Выбрать главу

— Топиль-цин Кецаль-Коатль Накшитль… четвероногий Пернатый Змей прибыл в нашу землю в год Тростника. Прибыл к нам с моря, с востока, управляющий ветром Белый Бог. Прибыл на пироге из досок… прибыл сюда, в центр мира, желая сгореть в костре и стать шестым солнцем Вселенной.

Кортес поперхнулся.

Падре Диас покосился на него и прочел последнюю строку:

— Ему, Богу единому, доброму, всемогущему несите жертвы. Только ему.

Падре Диас облизнул мигом пересохшие губы и, не рискуя повернуться спиной ни к генерал-капитану, ни к его каменному двойнику, отошел в сторону.

— Глупость какая… — хрипло хохотнул Кортес и — не в силах держать — опустил факел.

Солдаты охнули.

— Сеньора Наша Мария!!!

Внизу, на расположенном у коленей идола алтаре лежал свежий детский труп — без сердца, без головы, без рук и без ног.

* * *

С этого самого момента Кортес, как сошел с ума. Не оставив от идола камня на камне, он почти скатился по ступеням и помчался в лагерь, яростно требуя найти и привести ему всех жрецов этого поганого города. И стремительно идущий вслед падре Хуан Диас его понимал: случись такой улике попасть в руки инквизиции… и жизнь покажется — да, что там покажется?! Станет! — адом.

— Где они?! — орал убежавший вперед Кортес. — Всех! Взять!
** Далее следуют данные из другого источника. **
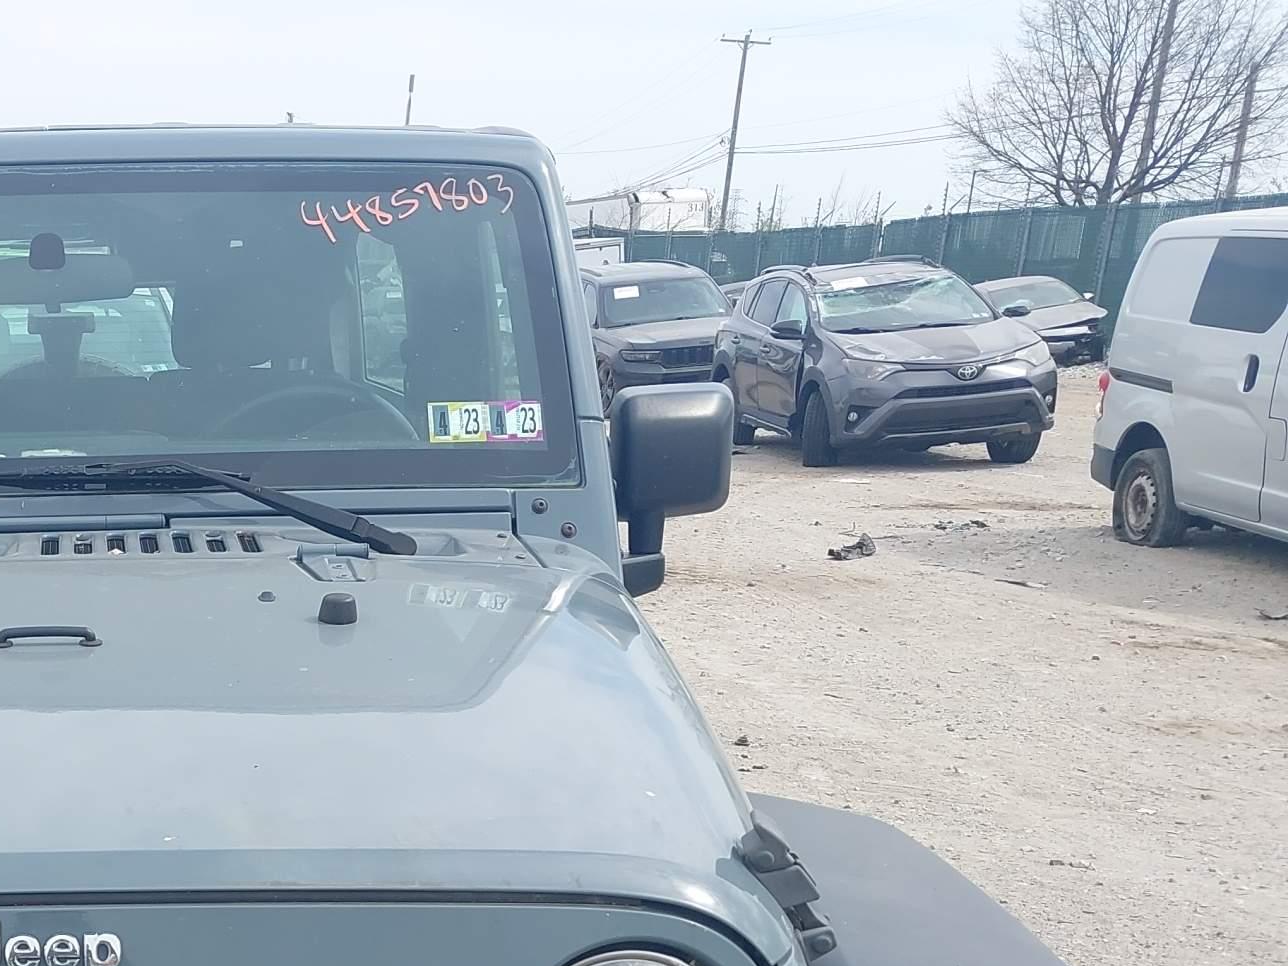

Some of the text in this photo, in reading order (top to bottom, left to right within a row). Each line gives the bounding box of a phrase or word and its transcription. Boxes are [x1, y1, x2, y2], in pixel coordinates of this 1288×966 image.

[300, 174, 514, 244] 44857803
[464, 408, 480, 434] 23
[520, 407, 537, 433] 23
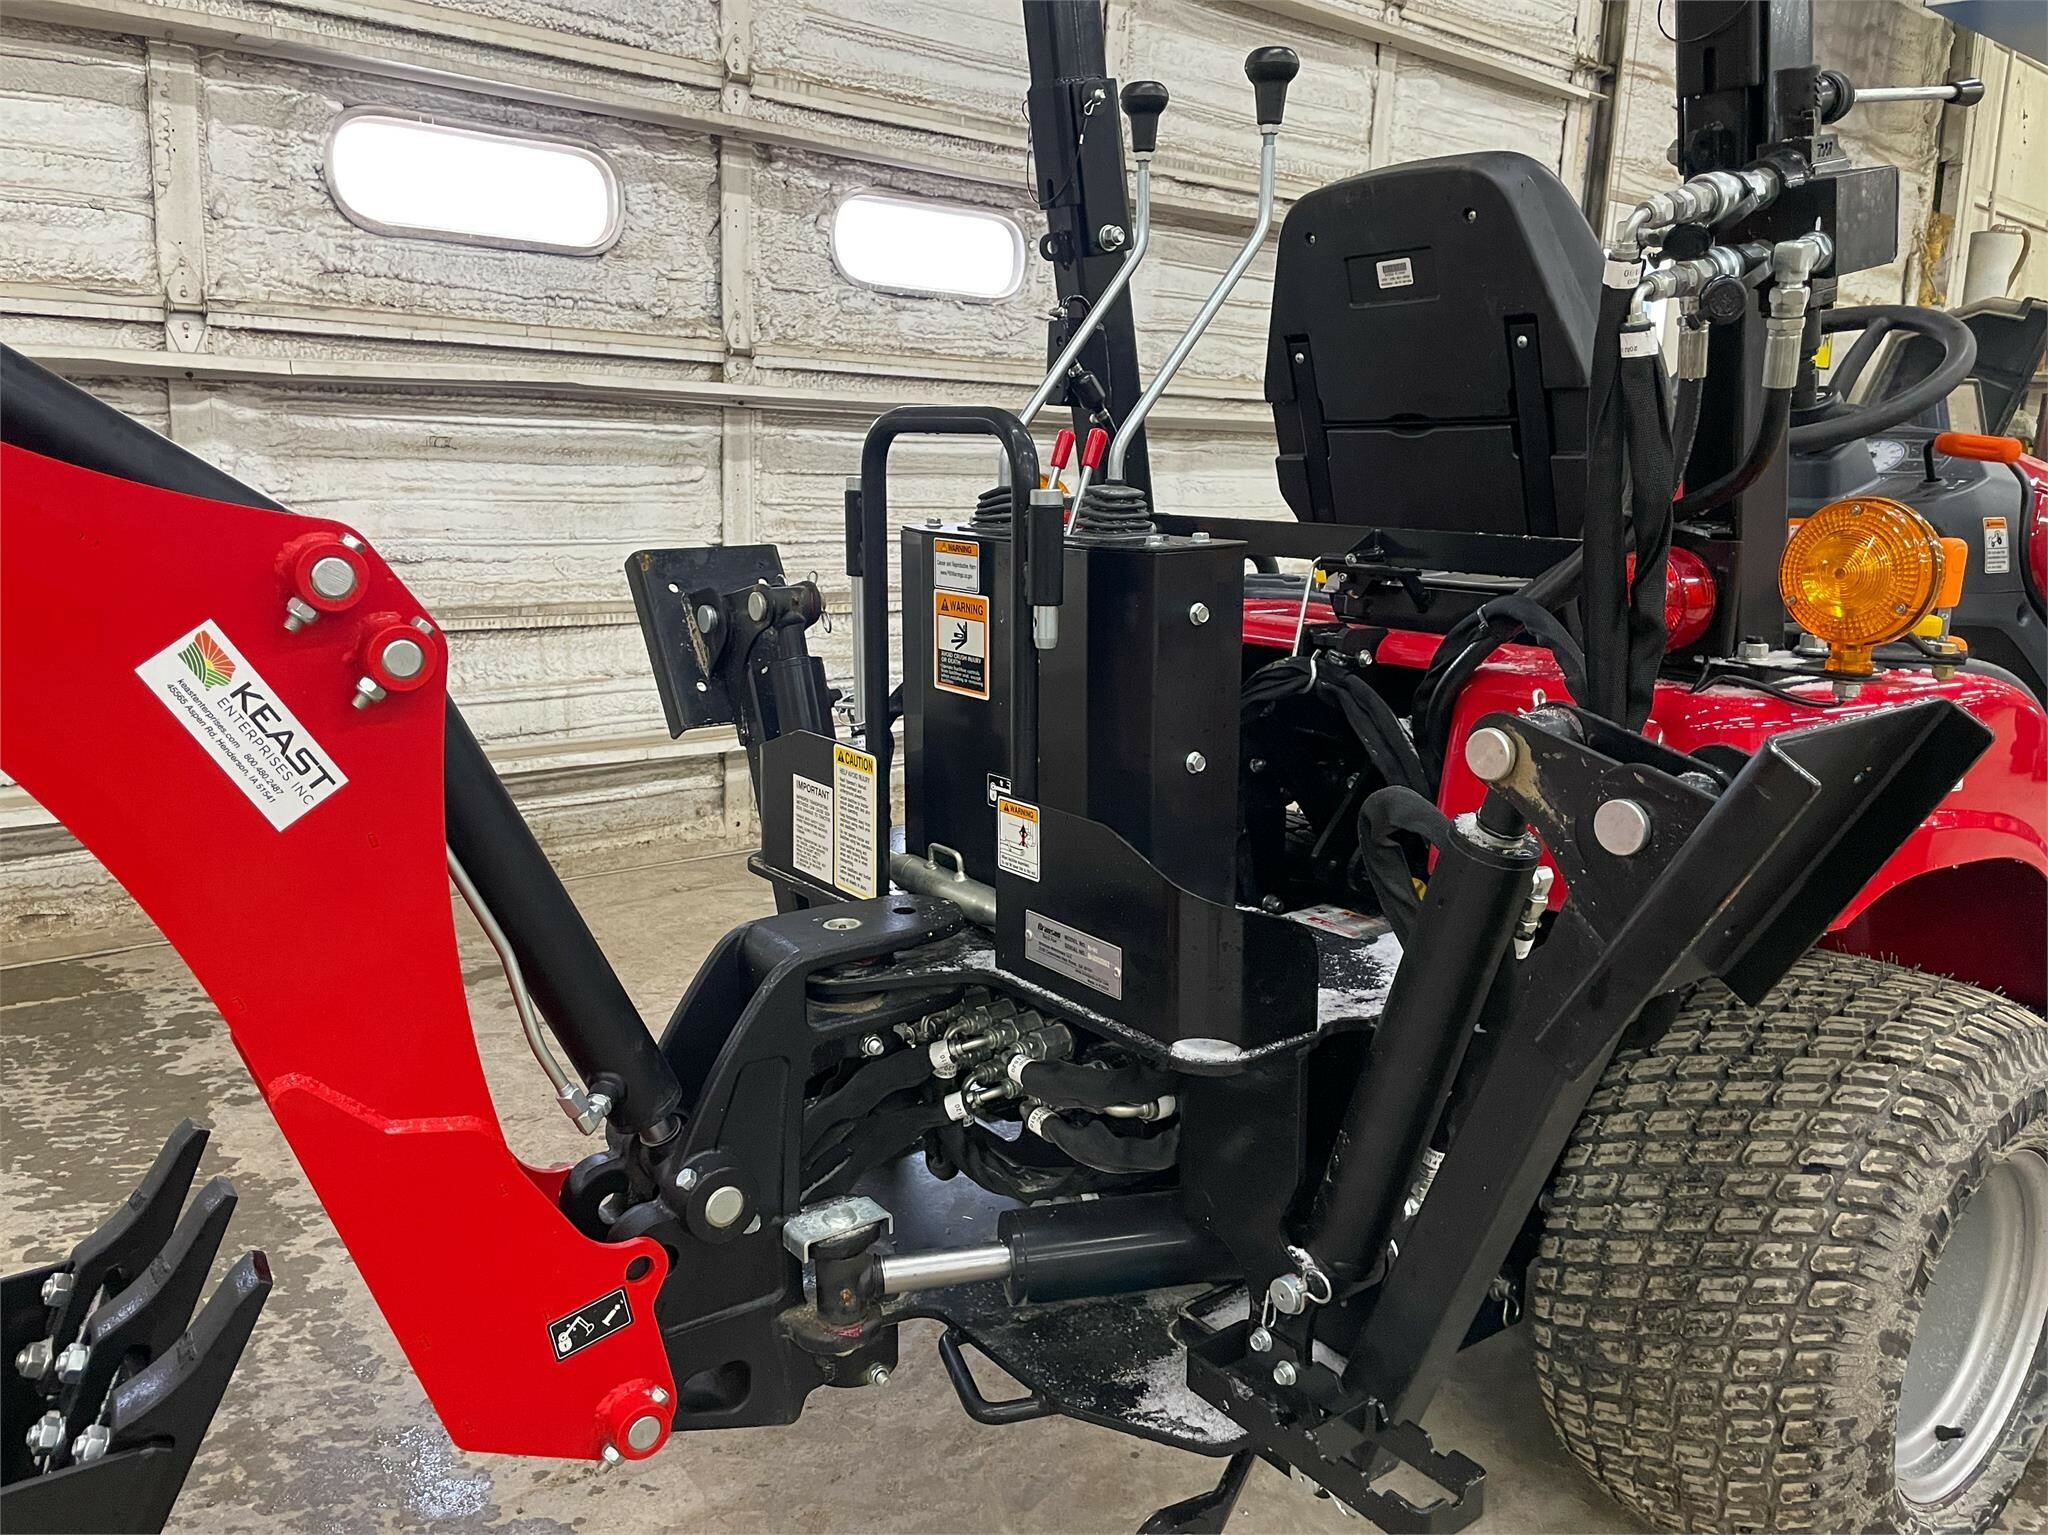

Раздавить… — и вдруг стал, как вкопанный. — А это еще что?!

Выстроившиеся у длинной, на тринадцать персон, виселицы солдаты замерли.

— Так, это… Хуан Каталонец…

Падре поежился.

— Что — Хуан Каталонец?! — заорал Кортес и выхватил меч. — Вы меня должны слушать, а не Каталонца! Кто инквизиции будет отвечать: я или Каталонец?!

Падре Хуана Диаса пробил озноб. Связываться с Каталонцем он зарекся давно.

— Я вам покажу Каталонца! — взревел Кортес и принялся перерубать веревки, с такой яростью, словно это могло спасти от инквизиции.

— Ты что делаешь, Кортес?! — взвыли солдаты. — Фарта же не будет!

Но было уже поздно: все тринадцать женских трупов с глухим стуком уже попадали на землю.

— Во, дурак! — чуть не рыдали бойцы. — Ну, дур-рак!

— Сеньор Наш Бог тебе еще покажет!

Кортес побледнел и затрясся.

— Кто упомянул имя Господне всуе?! Какая тварь, я спрашиваю…

Солдаты мигом подались назад.

— Все! С меня хватит! — рубанул воздух мечом Кортес. — Если еще раз какое богохульство услышу, — виселица! Сразу! Без разговоров!

* * *

Пушинка обняла его сзади.

— Подожди, родная, не сейчас… — простонал Куа-Утемок.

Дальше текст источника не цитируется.